From this, it follows that antiarrhythmic effects should address these proarrhythmic mechanisms in some way. And indeed they do, but not in a way which makes them any easier to categorise. Many drugs with antiarrhythmic properties address several of these mechanisms simultaneously, and others may actually promote arrhythmias by prolonging repolarisation (those would be all the antiarrhythmics which prolong the QT interval). Still, it is possible to vaguely relate arrhythmogenic and antiarrhythmic mechanisms, as follows:

  • Abnormal automaticity of normal pacemakers: it sounds like this would respond to anything that decreases the slope of Phase 4 in those cells, which would be calcium channel blockers and β-blockers
  • Abnormal automaticity of non-pacemaker tissue should decrease as the result of beta-blockade. Reduced resting potential voltage of the membrane is usually the main problem, which these drugs should address.
  • Late afterdepolarisations, where the problem is catecholamines or calcium, are addressed directly by calcium channel blockers and β-blockers
  • Reentry, where action potential re-excites a patch of myocardium shortly after it has already depolarised, either because of some anatomical shortcut or because of an abnormally short refractory period. You can prolong the latter using Class Ia and Class III agents. As for abnormal conducting pathways, the best mechanism of managing this would be to slow conduction through those fibres, and this is where Class Ic agents should be ideal.

Now, for each class, some sort of short point-form summary of pharmacodynamic properties will be attempted, mainly in case one day these drugs become the topic of an SAQ. This has already happened to Class I agents in Question 9 from the second paper of 2012, which means that these are probably fair game. 

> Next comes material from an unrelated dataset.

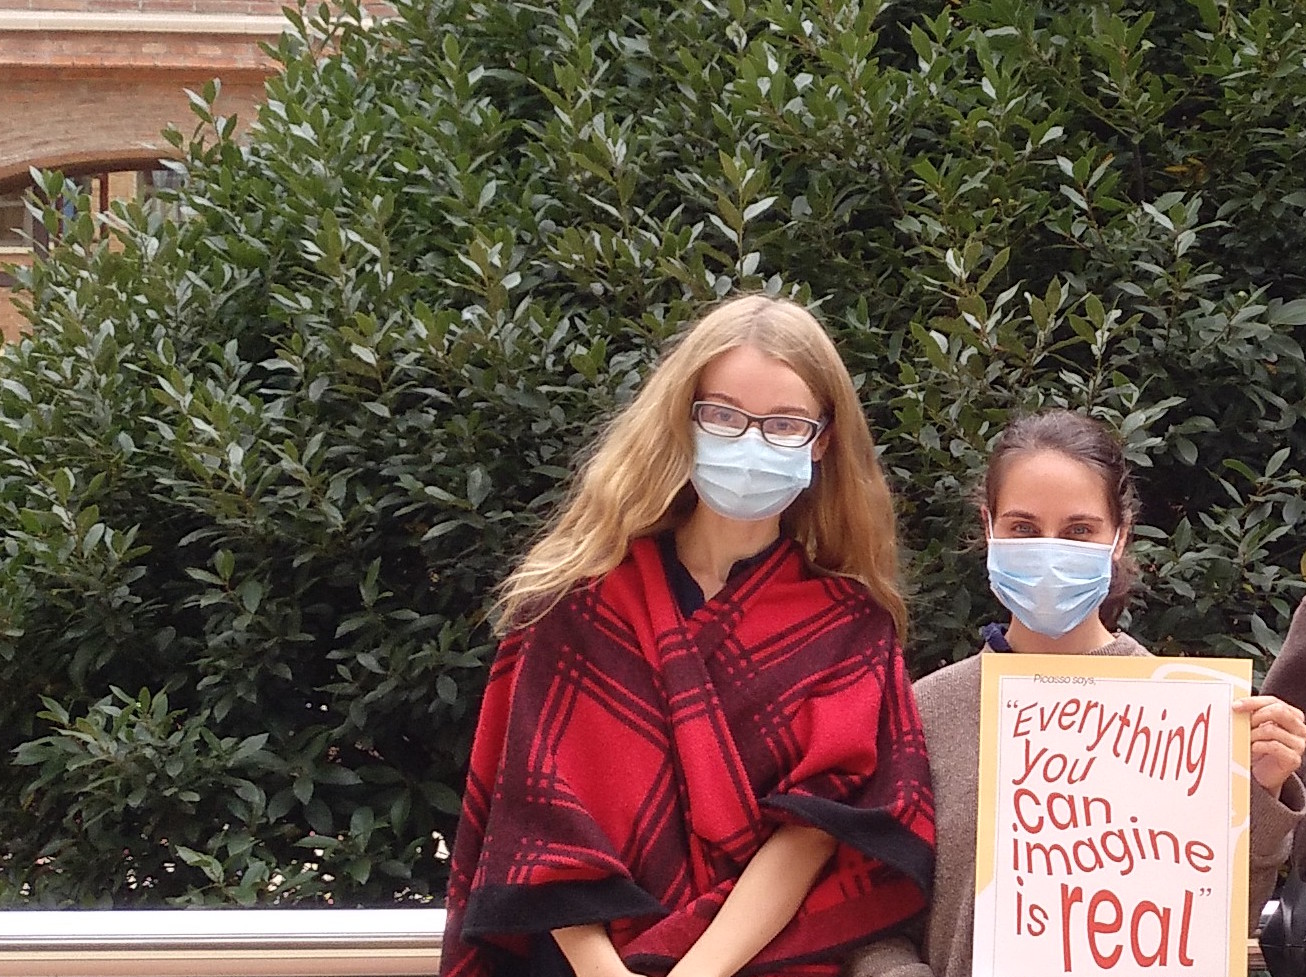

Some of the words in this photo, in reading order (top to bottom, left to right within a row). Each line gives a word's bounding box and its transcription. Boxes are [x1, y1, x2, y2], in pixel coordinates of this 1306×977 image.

Class I antiarrhythmic agents: sodium channel blockers

Class I agents are sodium channel blockers. They generally bind to a site inside the pore of the Nav1.5 subunit of the fast voltage-gated sodium channel, which is responsible for Phase 0 of the cardiac action potential. All prefer to bind to open or inactivated sodium channels (though the slowly dissociating Class Ic agents remain bound even when the channels return to their resting state). Speaking of which, this class is further subdivided into subclasses according to what the drugs do to the action potential and what dissociation kinetics they have: 

  • Class Ia agents, eg. quinidine and procainamide
    • Have an intermediate dissociation rate
    • Prolongs the duration of the action potential (mainly by their potassium channel blocker effects)
    • Therefore, prolong the QT interval
    • Prolong the QRS complex because of a longer Phase 0
    • Use-dependence: block effect (and QRS prolongation) is more pronounced in tachycardia because of slower dissociation from the binding site in diastole
  • Class Ib agents, eg. lignocaine and mexelitine
    • Dissociate rapidly from the binding site, therefore free from use dependence
    • Have no effect on the duration of Phase 0
    • Therefore, do not prolong the QRS
    • Shorten the duration of the action potential, mainly by preventing late sustained sodium current
    • Therefore, shorten the QT interval
  • Class Ic agents, eg. flecainide and propafenone
    • Dissociate slowly from the binding site, which means there is no use-dependence
    • Prolong Phase 0 more than other subclasses
    • Therefore, prolong the QRS duration
    • Have little effect on the duration of the action potential and therefore do not prolong the QT interval

The antiarrhythmic effect is felt in multiple ways:

  • Automaticity of normal pacemakers should remain abnormal while you are on a Class I agent. Phase 4 of normal pacemaker cells does in fact depend on sodium currents (the "funny current", targeted by ivabradine), but those channels are distinct from the vast voltage-gated ones, and are not affected by Class I agents. Therefore, they generally don't tend to act as rhythm control agents for AF (for example). However, various reputable sources claim that they can still affect the slope of Phase 4 "by mechanisms not understood and unrelated to blocking fast sodium channels". Famously, flecainide has been used to suppress atrial fibrillation, and we still don't know how it exerts this effect (Echt & Ruskin, 2020). 
  • Abnormal automaticity of non-pacemaker tissue should also remain unchanged, but it apparently decreases. It is also mentioned in various papers, but without much further explanation or reference. This is strange, as most people tend to think of Class I agents as anti-VT or anti-VF drugs.
  • Early afterdepolarisations can actually increase in the context of Class I agent use, particularly with Class A agents which prolong the repolarisation. Like other QT-prolonging drugs, they can produce polymorphic VT. 
  • Late afterdepolarisations should theoretically decrease in the context of sodium channel blockers, as they decrease the amount of intracellular sodium available for the sodium/calcium exchanger, which should theoretically mean less intracellular calcium being available (and it is the latter that is responsible for these phenomena). However, experimentally, this does not appear to be the case.
  • Reentry is really where these agents are most effective. By decreasing the velocity of conduction, these agents slow the propagation of action potentials along the abnormal conducting pathways and therefore prevent reentrant tachycardias such as SVT. For this, Class Ic agents are ideal (for instance, flecainide is used to prevent arrhythmias in Wolff-Parkinson-White syndrome).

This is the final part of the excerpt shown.